Material for the task —

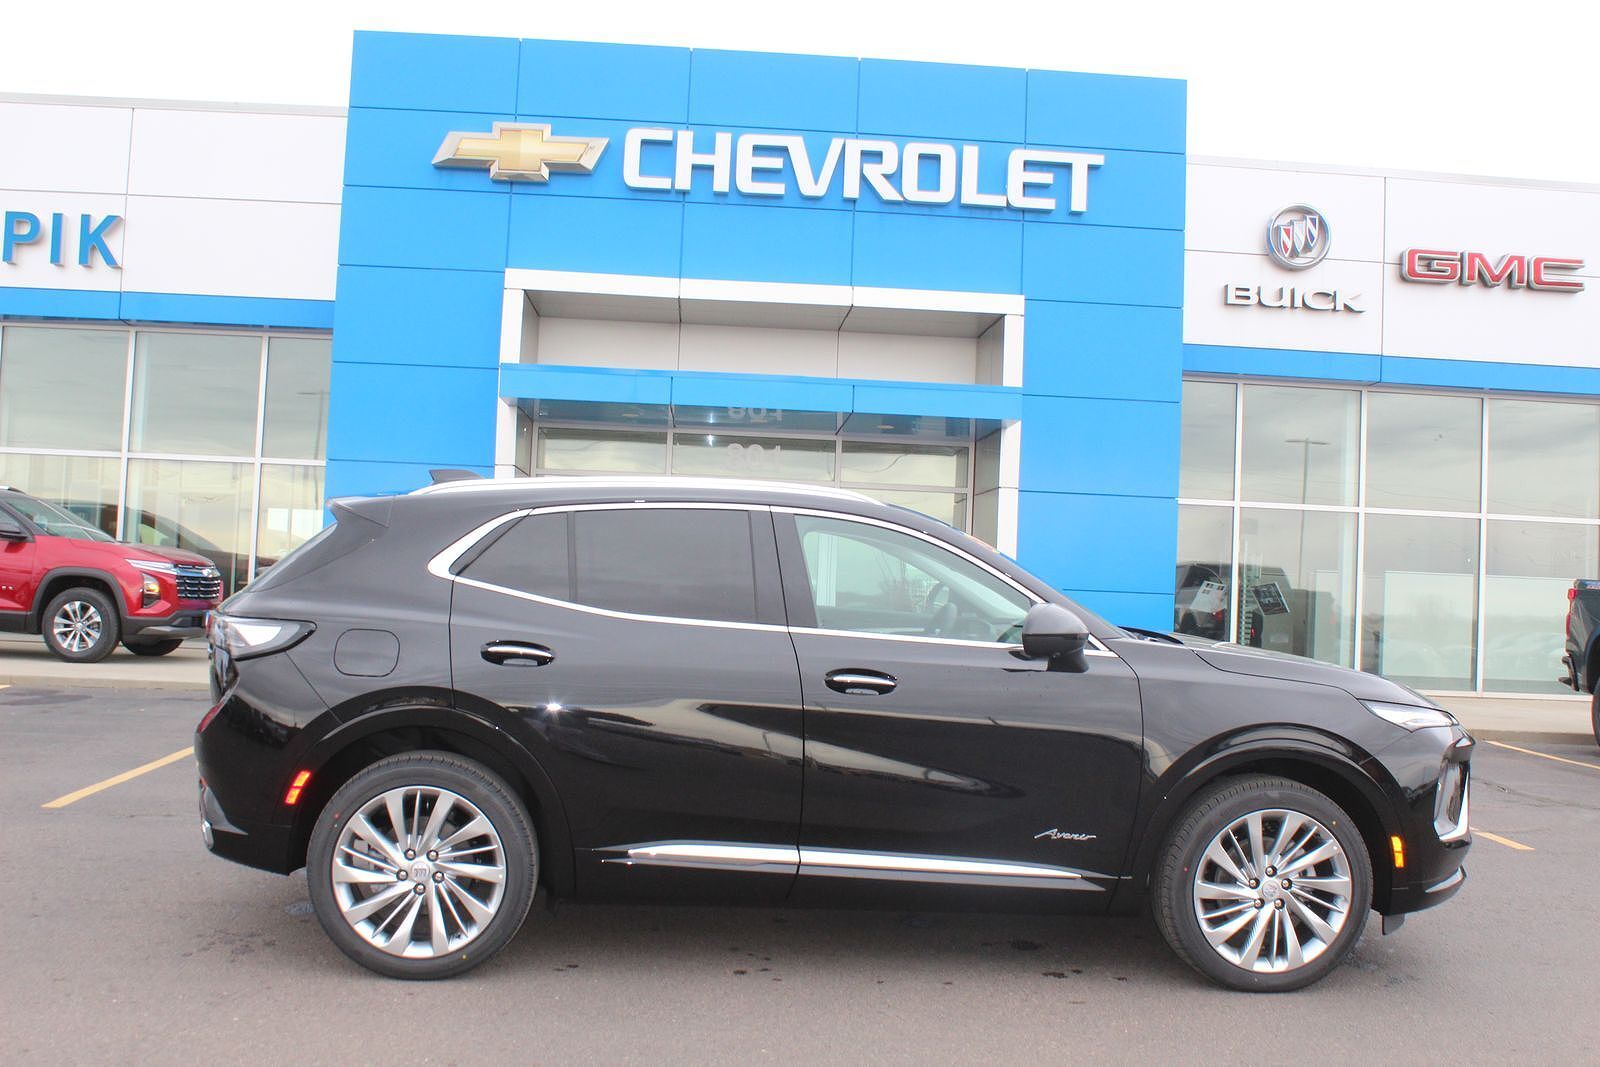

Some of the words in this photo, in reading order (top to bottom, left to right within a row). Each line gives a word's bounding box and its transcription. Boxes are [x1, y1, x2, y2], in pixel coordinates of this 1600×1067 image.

[623, 128, 1105, 213] CHEVROLET
[3, 210, 123, 268] PIK
[1401, 247, 1585, 292] GMC
[1225, 282, 1366, 313] BUICK

Exercise prompt —
The data must be printed exactly, image-free.

Response below —
Some of the words in this photo, in reading order (top to bottom, left to right within a row). Each line gives a word's bounding box and its transcription. Boxes are [x1, y1, x2, y2], in pixel coordinates of this 1600×1067 image.

[623, 128, 1105, 213] CHEVROLET
[3, 210, 123, 268] PIK
[1401, 247, 1585, 292] GMC
[1225, 282, 1366, 313] BUICK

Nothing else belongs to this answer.